[Phrase grounding data]
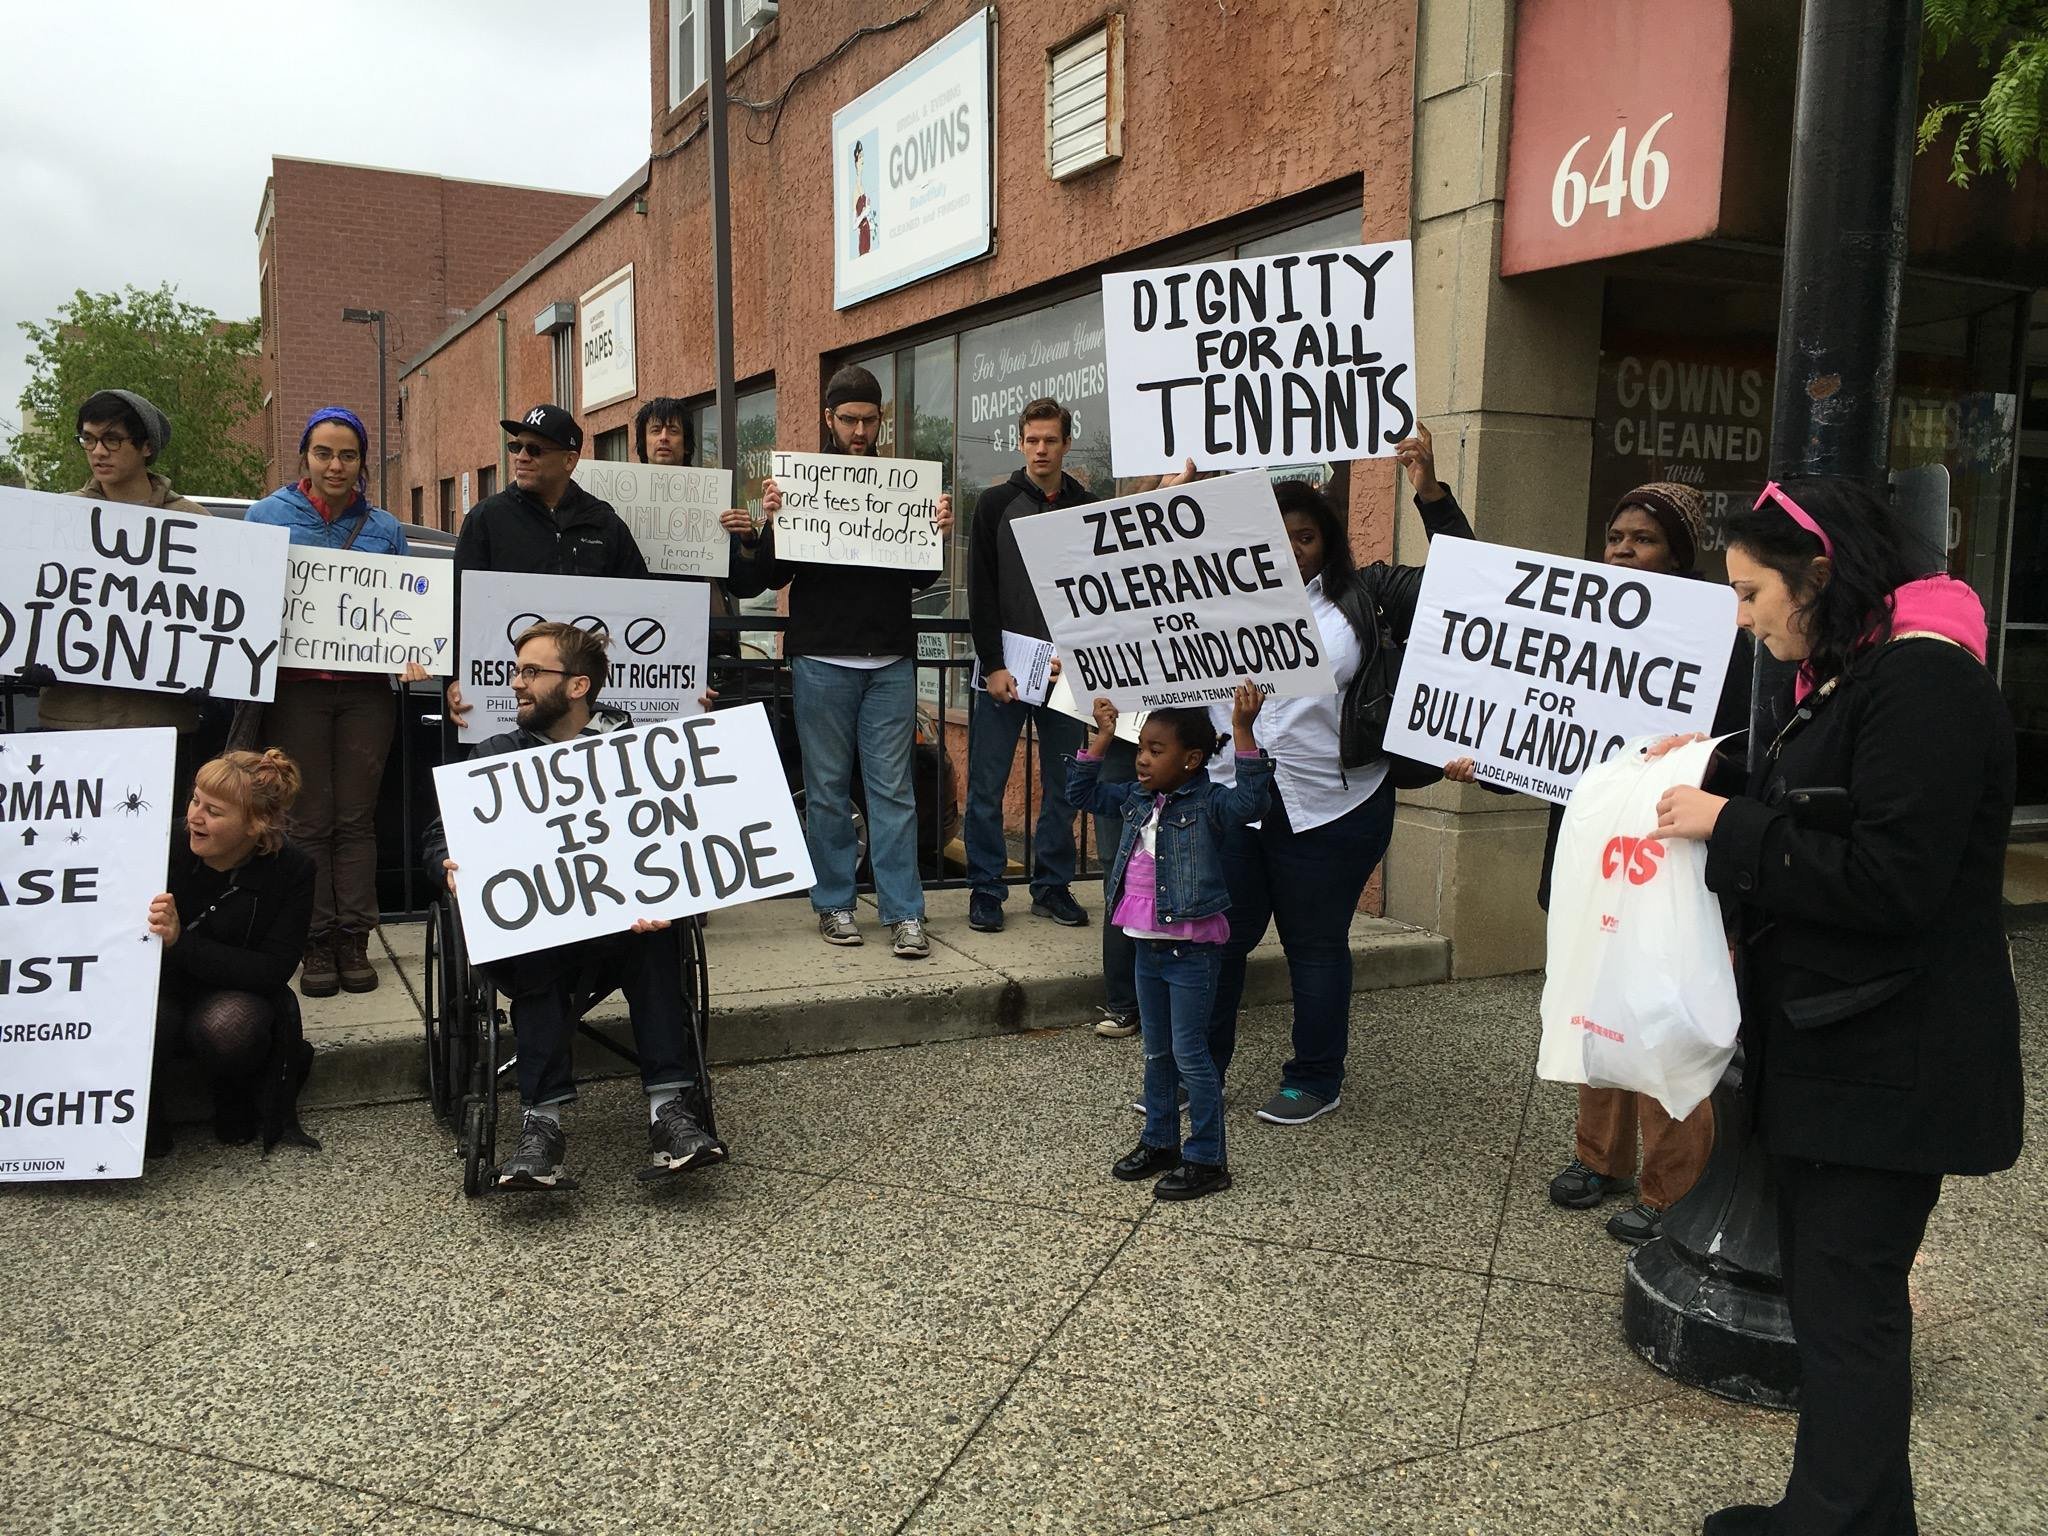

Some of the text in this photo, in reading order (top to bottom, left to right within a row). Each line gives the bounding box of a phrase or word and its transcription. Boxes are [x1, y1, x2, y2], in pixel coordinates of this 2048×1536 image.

[889, 103, 970, 189] GOWNS
[1551, 112, 1674, 228] 646
[1133, 250, 1393, 332] DIGNITY
[585, 329, 613, 367] DRAPES
[972, 353, 994, 382] For
[998, 347, 1026, 382] Your
[1028, 340, 1069, 367] Dream
[1196, 322, 1382, 372] FOR ALL
[972, 385, 1023, 423] DRAPES
[1617, 356, 1763, 418] GOWNS
[1136, 363, 1414, 457] TENANTS
[1614, 417, 1763, 462] CLEANED
[591, 469, 638, 502] NO
[650, 472, 720, 505] MORE
[775, 455, 918, 497] Ingerman, no
[1664, 464, 1706, 484] With
[824, 490, 860, 513] fees
[865, 493, 893, 514] for
[91, 506, 198, 575] WE
[778, 515, 831, 546] ering
[839, 517, 941, 547] outdoors!
[1083, 495, 1205, 556] ZERO
[661, 558, 700, 572] Union
[663, 544, 714, 560] Tenants
[36, 562, 245, 633] DEMAND
[400, 572, 430, 595] no
[1055, 543, 1283, 618] TOLERANCE
[1505, 560, 1652, 630] ZERO
[337, 593, 413, 635] fake
[1153, 612, 1199, 634] FOR
[1073, 641, 1149, 691] BULLY
[1152, 618, 1319, 683] LANDLORDS
[1442, 609, 1701, 715] TOLERANCE
[630, 664, 696, 690] RIGHTS!
[1142, 691, 1201, 706] PHILADELPHIA
[1202, 687, 1236, 701] TENANT
[641, 701, 680, 711] UNION
[1407, 683, 1497, 750] BULLY
[1524, 687, 1576, 718] FOR
[468, 718, 737, 824] JUSTICE
[546, 793, 698, 853] IS ON
[482, 821, 794, 930] OUR SIDE
[22, 1160, 65, 1172] UNION
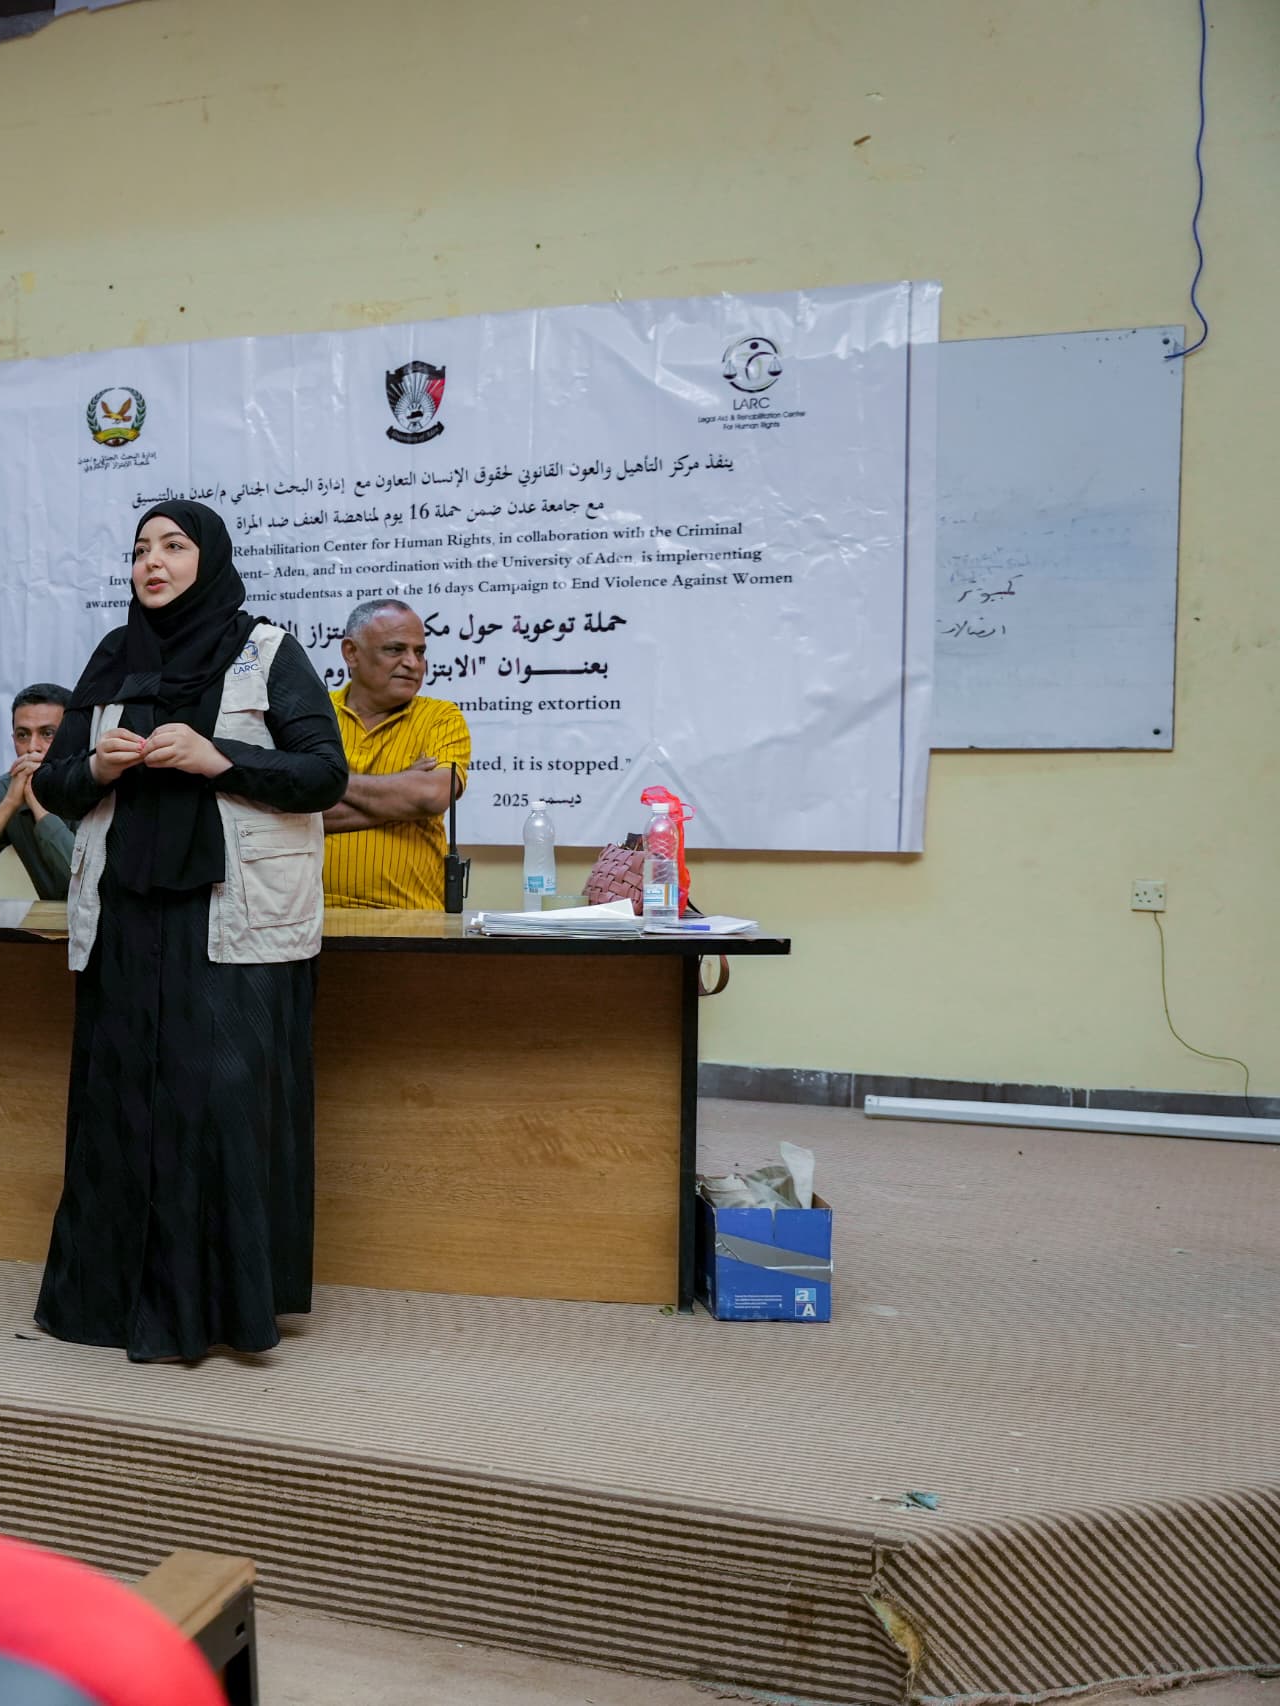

# TRY IT
The preceding entries are to be returned verbatim, with every picture excluded.

# SOLVED EXERCISE
Some of the text in this photo, in reading order (top to bottom, left to right within a row). Each line gives the bounding box of a phrase or word and its transcription. Boxes are [x1, y1, x2, y2], in pixel coordinates of this 2048×1536 image.

[889, 103, 970, 189] GOWNS
[1551, 112, 1674, 228] 646
[1133, 250, 1393, 332] DIGNITY
[585, 329, 613, 367] DRAPES
[972, 353, 994, 382] For
[998, 347, 1026, 382] Your
[1028, 340, 1069, 367] Dream
[1196, 322, 1382, 372] FOR ALL
[972, 385, 1023, 423] DRAPES
[1617, 356, 1763, 418] GOWNS
[1136, 363, 1414, 457] TENANTS
[1614, 417, 1763, 462] CLEANED
[591, 469, 638, 502] NO
[650, 472, 720, 505] MORE
[775, 455, 918, 497] Ingerman, no
[1664, 464, 1706, 484] With
[824, 490, 860, 513] fees
[865, 493, 893, 514] for
[91, 506, 198, 575] WE
[778, 515, 831, 546] ering
[839, 517, 941, 547] outdoors!
[1083, 495, 1205, 556] ZERO
[661, 558, 700, 572] Union
[663, 544, 714, 560] Tenants
[36, 562, 245, 633] DEMAND
[400, 572, 430, 595] no
[1055, 543, 1283, 618] TOLERANCE
[1505, 560, 1652, 630] ZERO
[337, 593, 413, 635] fake
[1153, 612, 1199, 634] FOR
[1073, 641, 1149, 691] BULLY
[1152, 618, 1319, 683] LANDLORDS
[1442, 609, 1701, 715] TOLERANCE
[630, 664, 696, 690] RIGHTS!
[1142, 691, 1201, 706] PHILADELPHIA
[1202, 687, 1236, 701] TENANT
[641, 701, 680, 711] UNION
[1407, 683, 1497, 750] BULLY
[1524, 687, 1576, 718] FOR
[468, 718, 737, 824] JUSTICE
[546, 793, 698, 853] IS ON
[482, 821, 794, 930] OUR SIDE
[22, 1160, 65, 1172] UNION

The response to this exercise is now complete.